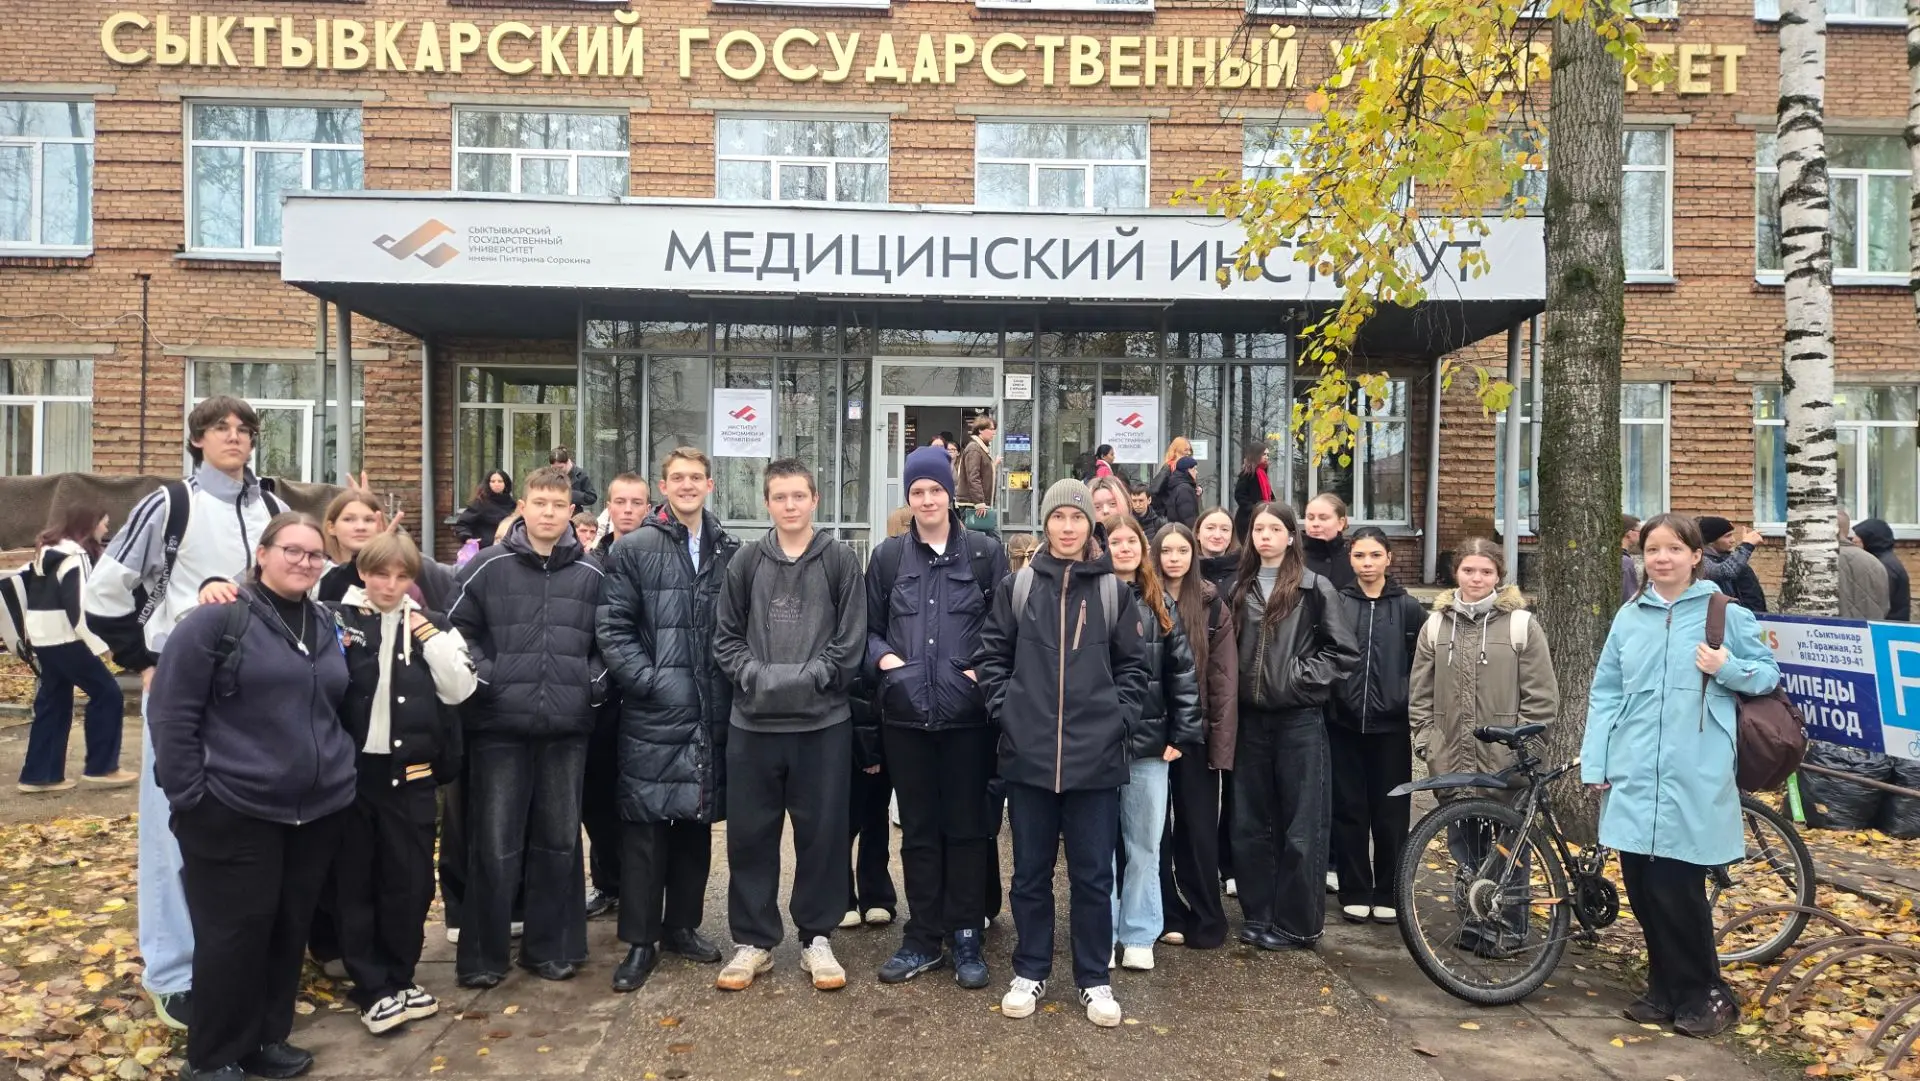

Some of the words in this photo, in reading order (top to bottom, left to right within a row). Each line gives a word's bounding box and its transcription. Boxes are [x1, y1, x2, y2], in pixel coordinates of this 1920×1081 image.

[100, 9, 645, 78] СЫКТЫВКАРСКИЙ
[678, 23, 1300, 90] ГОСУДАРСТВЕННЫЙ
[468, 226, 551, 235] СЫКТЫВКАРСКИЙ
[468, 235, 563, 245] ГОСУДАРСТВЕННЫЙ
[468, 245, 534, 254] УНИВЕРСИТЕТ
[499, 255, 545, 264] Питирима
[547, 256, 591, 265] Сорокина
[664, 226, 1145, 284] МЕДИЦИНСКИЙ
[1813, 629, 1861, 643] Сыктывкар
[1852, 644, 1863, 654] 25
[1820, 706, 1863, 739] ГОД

--

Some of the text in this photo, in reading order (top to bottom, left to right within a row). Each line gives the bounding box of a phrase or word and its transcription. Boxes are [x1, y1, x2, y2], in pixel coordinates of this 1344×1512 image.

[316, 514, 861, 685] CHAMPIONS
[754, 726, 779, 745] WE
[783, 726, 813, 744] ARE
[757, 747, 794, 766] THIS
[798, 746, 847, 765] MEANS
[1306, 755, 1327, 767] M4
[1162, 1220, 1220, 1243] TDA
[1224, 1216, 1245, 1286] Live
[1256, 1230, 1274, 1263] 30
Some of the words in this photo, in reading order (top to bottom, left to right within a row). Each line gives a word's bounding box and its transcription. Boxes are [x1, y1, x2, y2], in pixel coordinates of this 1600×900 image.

# ACTIVITY:
In the entries above, the lines from the one bearing "Some of the text" up to and including the one bearing "this 1600×900 image." should be transcribed exactly; no other line is wanted.

# WRITTEN RESPONSE:
Some of the text in this photo, in reading order (top to bottom, left to right within a row). Each line gives the bounding box of a phrase or word and its transcription. Boxes are [x1, y1, x2, y2], in pixel coordinates of this 1344×1512 image.

[316, 514, 861, 685] CHAMPIONS
[754, 726, 779, 745] WE
[783, 726, 813, 744] ARE
[757, 747, 794, 766] THIS
[798, 746, 847, 765] MEANS
[1306, 755, 1327, 767] M4
[1162, 1220, 1220, 1243] TDA
[1224, 1216, 1245, 1286] Live
[1256, 1230, 1274, 1263] 30
Some of the words in this photo, in reading order (top to bottom, left to right within a row). Each line gives a word's bounding box and its transcription. Boxes are [x1, y1, x2, y2], in pixel coordinates of this 1600×900 image.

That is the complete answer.